• **Problem**: Please keep the images out and set down the data exactly as given.

• **Available data**:
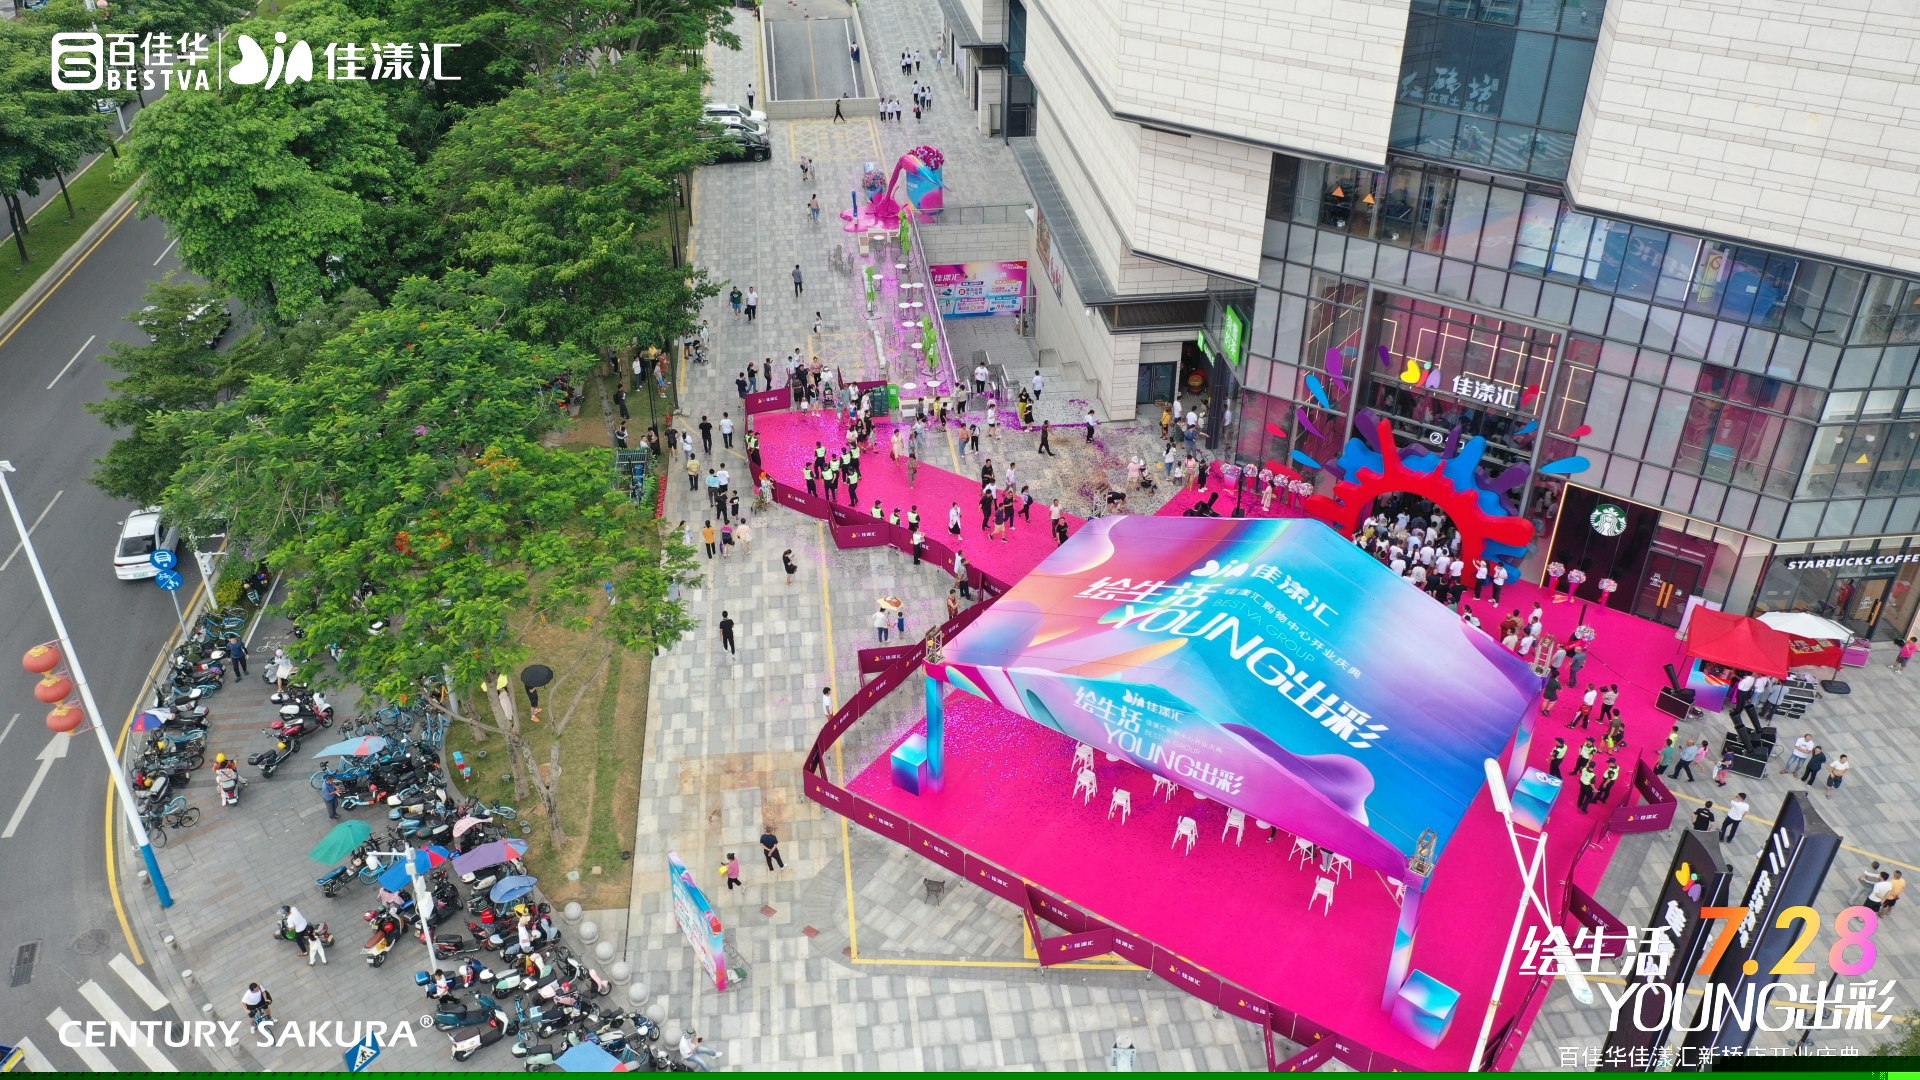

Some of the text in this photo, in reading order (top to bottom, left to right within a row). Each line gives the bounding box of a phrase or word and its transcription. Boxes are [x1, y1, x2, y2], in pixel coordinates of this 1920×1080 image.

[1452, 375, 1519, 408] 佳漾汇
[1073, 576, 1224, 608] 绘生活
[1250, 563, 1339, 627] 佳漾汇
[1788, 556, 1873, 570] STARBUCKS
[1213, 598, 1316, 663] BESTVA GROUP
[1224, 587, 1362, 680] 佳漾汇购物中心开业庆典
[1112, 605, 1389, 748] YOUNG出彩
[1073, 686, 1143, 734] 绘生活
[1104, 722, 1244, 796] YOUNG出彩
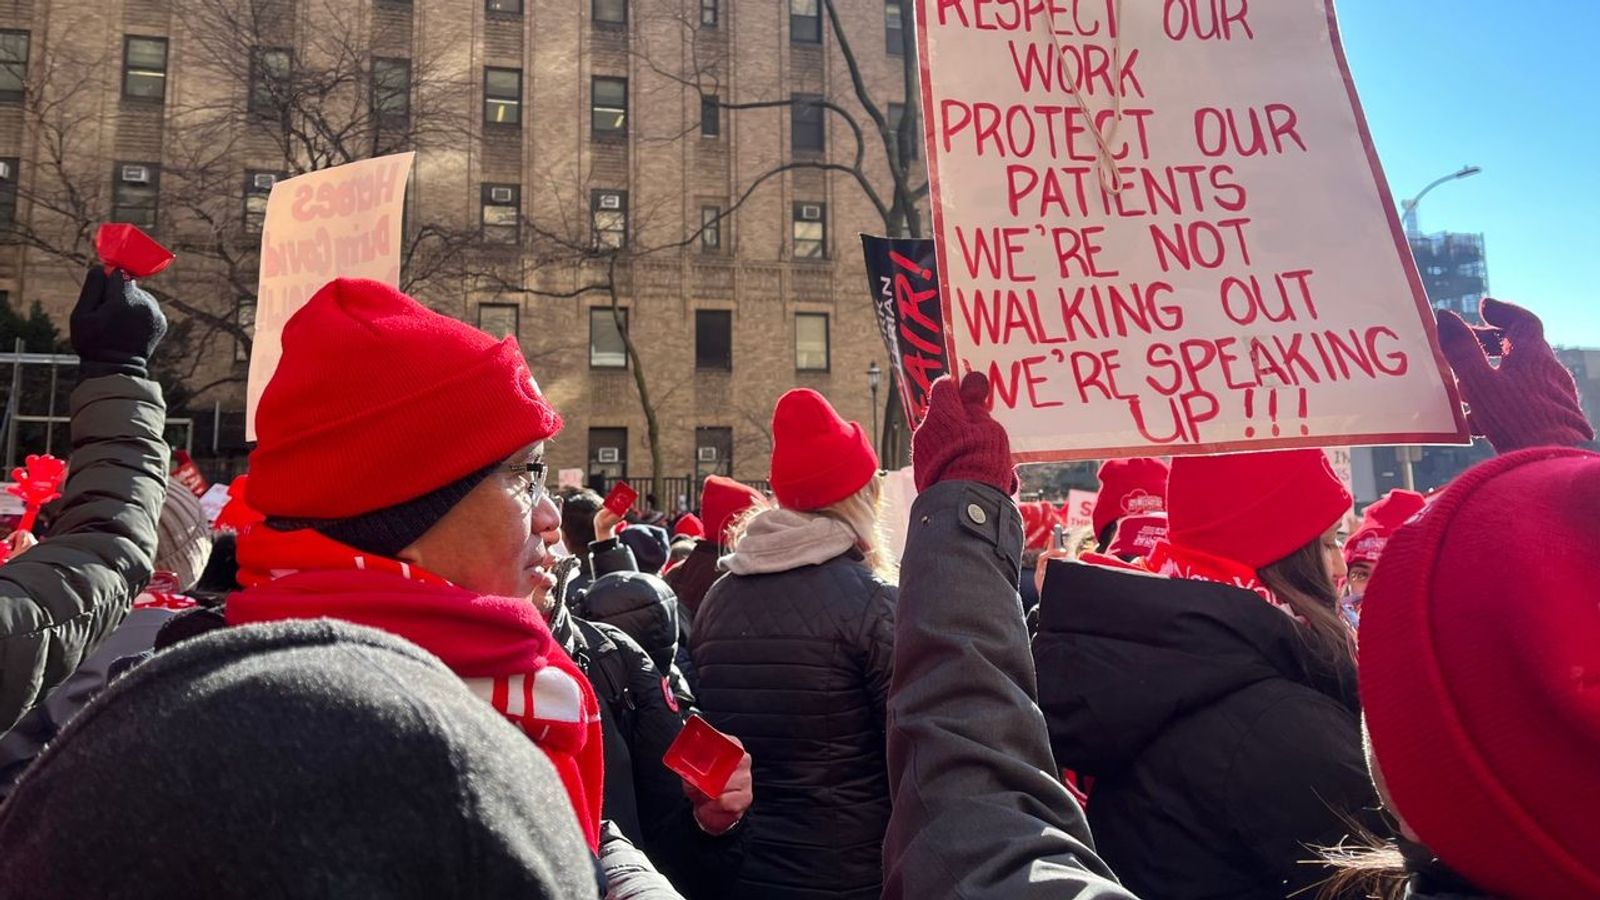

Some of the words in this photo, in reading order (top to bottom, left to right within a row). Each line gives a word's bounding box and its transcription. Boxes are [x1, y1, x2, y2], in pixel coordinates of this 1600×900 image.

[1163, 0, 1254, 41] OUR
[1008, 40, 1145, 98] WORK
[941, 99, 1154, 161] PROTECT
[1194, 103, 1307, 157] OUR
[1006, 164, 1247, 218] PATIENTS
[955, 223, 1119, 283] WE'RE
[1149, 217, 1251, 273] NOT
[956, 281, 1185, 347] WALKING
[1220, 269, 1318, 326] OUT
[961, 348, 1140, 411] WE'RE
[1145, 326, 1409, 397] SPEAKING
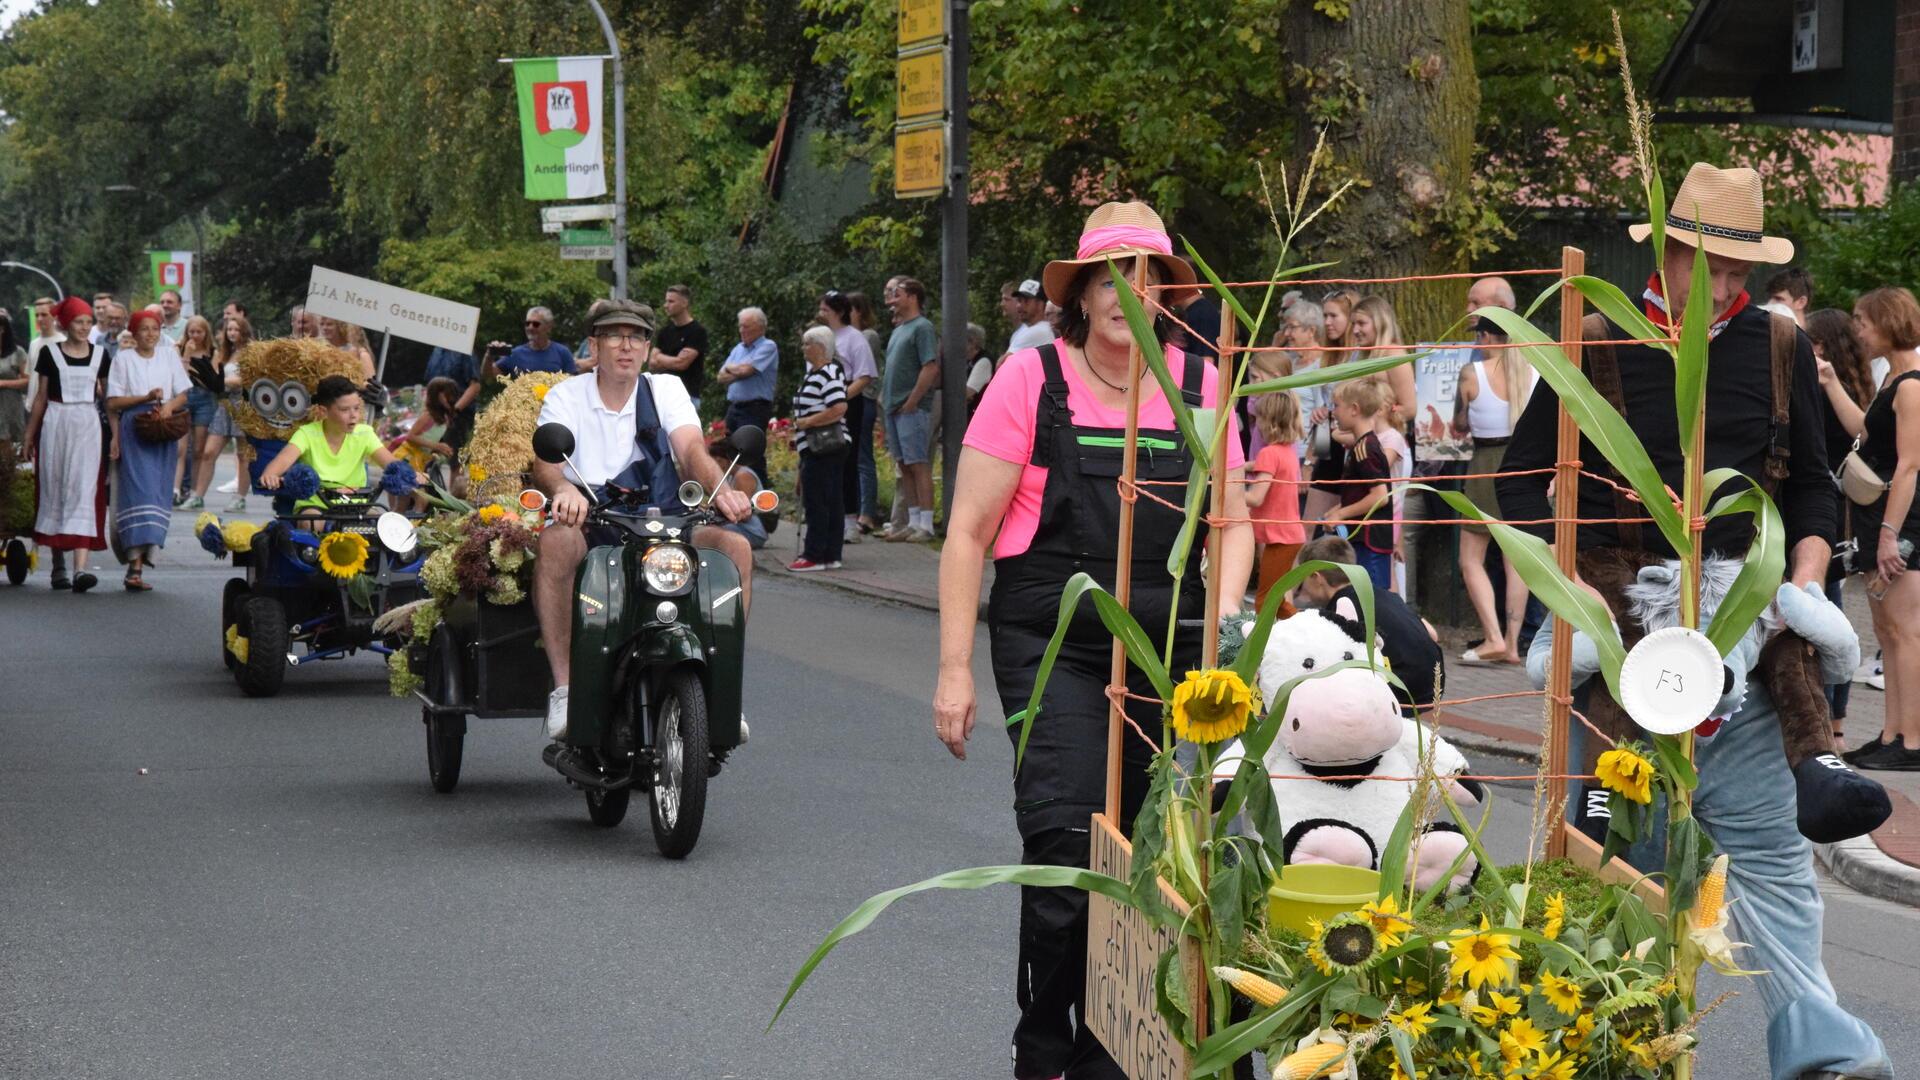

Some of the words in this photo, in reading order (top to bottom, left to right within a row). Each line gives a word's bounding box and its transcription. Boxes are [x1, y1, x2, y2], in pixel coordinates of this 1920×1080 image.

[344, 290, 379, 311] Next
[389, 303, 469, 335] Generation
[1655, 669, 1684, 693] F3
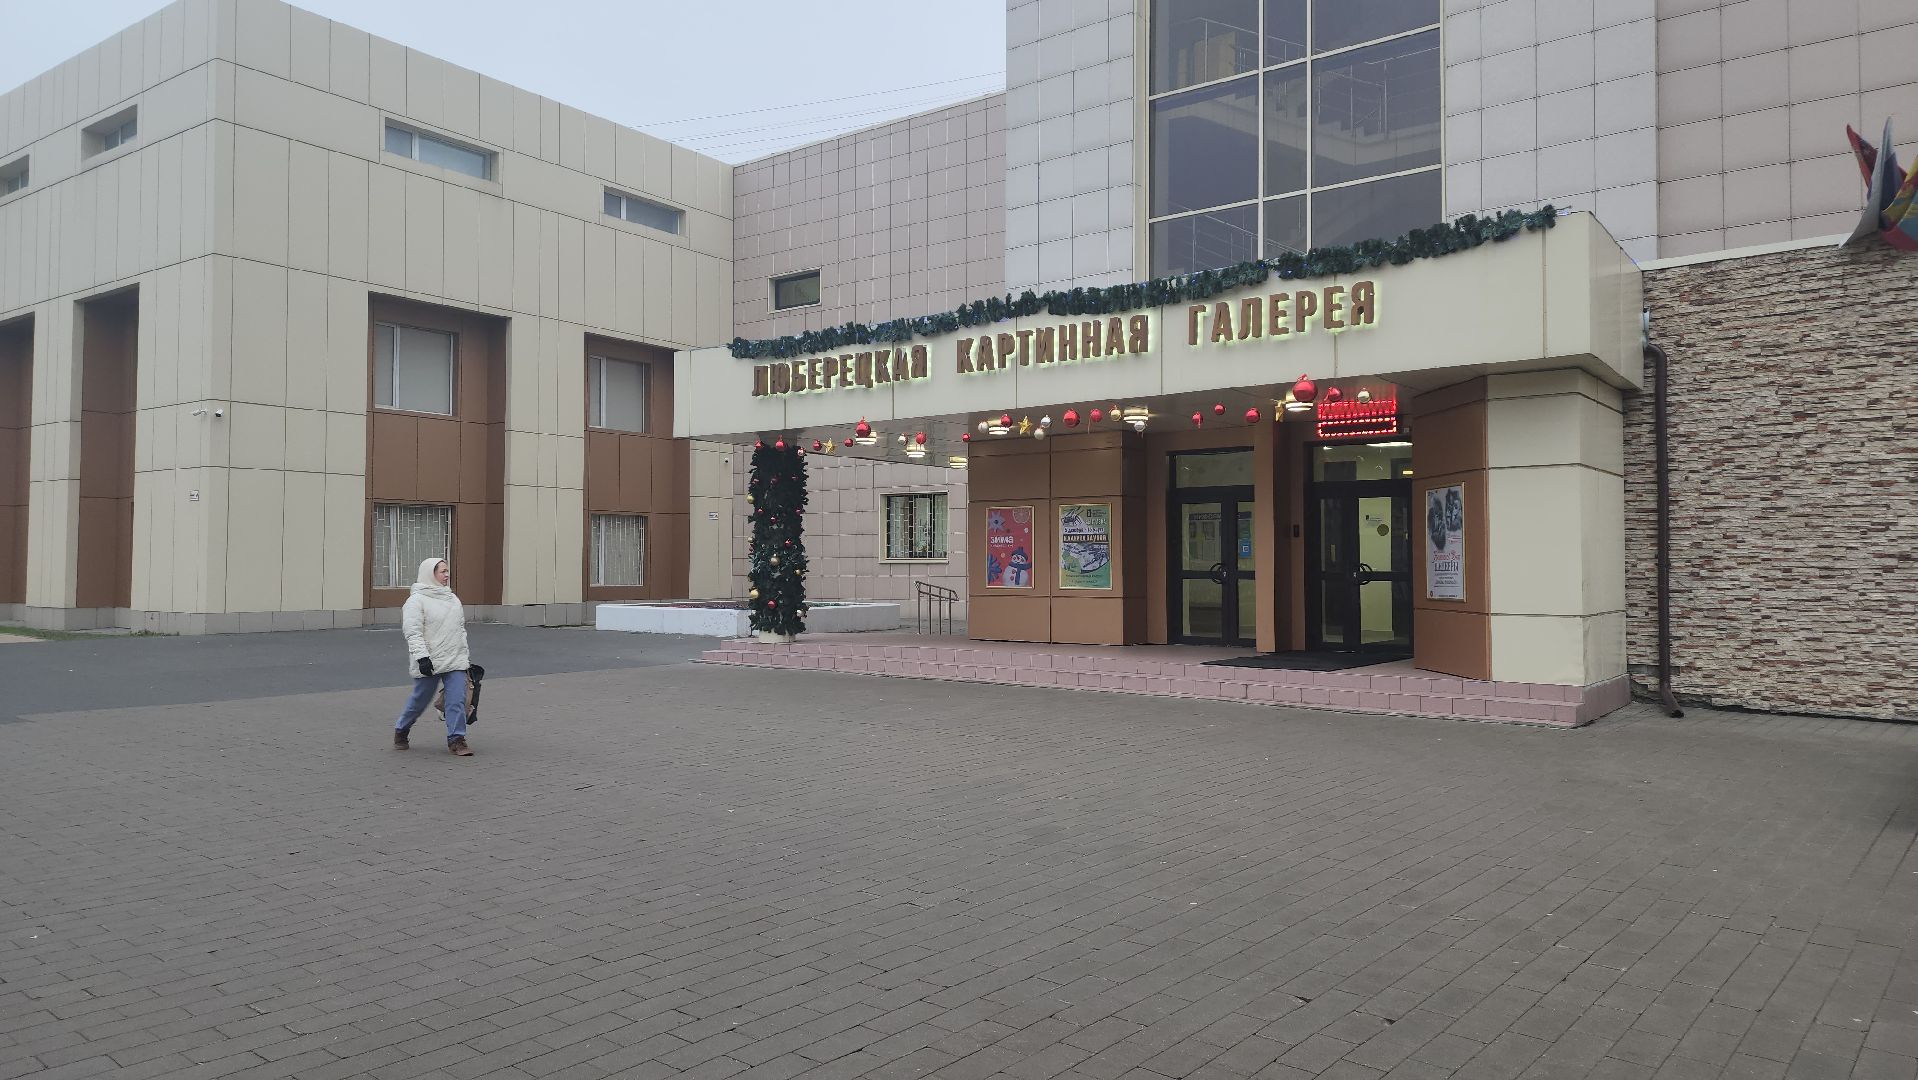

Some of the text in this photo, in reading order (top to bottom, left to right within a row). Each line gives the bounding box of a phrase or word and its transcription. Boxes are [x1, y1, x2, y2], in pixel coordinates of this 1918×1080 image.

• **Result of the exercise**:
Some of the text in this photo, in reading order (top to bottom, left to right within a row). Each line gives the bounding box of a phrase or word and its transcription. Boxes are [x1, y1, x2, y2], in pixel coordinates of this 1920×1080 image.

[1452, 375, 1519, 408] 佳漾汇
[1073, 576, 1224, 608] 绘生活
[1250, 563, 1339, 627] 佳漾汇
[1788, 556, 1873, 570] STARBUCKS
[1213, 598, 1316, 663] BESTVA GROUP
[1224, 587, 1362, 680] 佳漾汇购物中心开业庆典
[1112, 605, 1389, 748] YOUNG出彩
[1073, 686, 1143, 734] 绘生活
[1104, 722, 1244, 796] YOUNG出彩

Some of the words in this photo, in reading order (top to bottom, left to right within a row). Each line gives a word's bounding box and its transcription. Boxes are [x1, y1, x2, y2], in pixel coordinates of this 1600×900 image.

[1163, 0, 1254, 41] OUR
[1008, 40, 1145, 98] WORK
[941, 99, 1154, 161] PROTECT
[1194, 103, 1307, 157] OUR
[1006, 164, 1247, 218] PATIENTS
[955, 223, 1119, 283] WE'RE
[1149, 217, 1251, 273] NOT
[956, 281, 1185, 347] WALKING
[1220, 269, 1318, 326] OUT
[961, 348, 1140, 411] WE'RE
[1145, 326, 1409, 397] SPEAKING

Some of the words in this photo, in reading order (top to bottom, left to right within a row). Each line gives a word's bounding box and its transcription. Boxes are [x1, y1, x2, y2], in pixel coordinates of this 1920×1080 image.

[344, 290, 379, 311] Next
[389, 303, 469, 335] Generation
[1655, 669, 1684, 693] F3

Some of the text in this photo, in reading order (top to bottom, left to right within a row). Each line gives the bounding box of a phrase or word and its transcription. Boxes are [x1, y1, x2, y2], in pixel coordinates of this 1918×1080 image.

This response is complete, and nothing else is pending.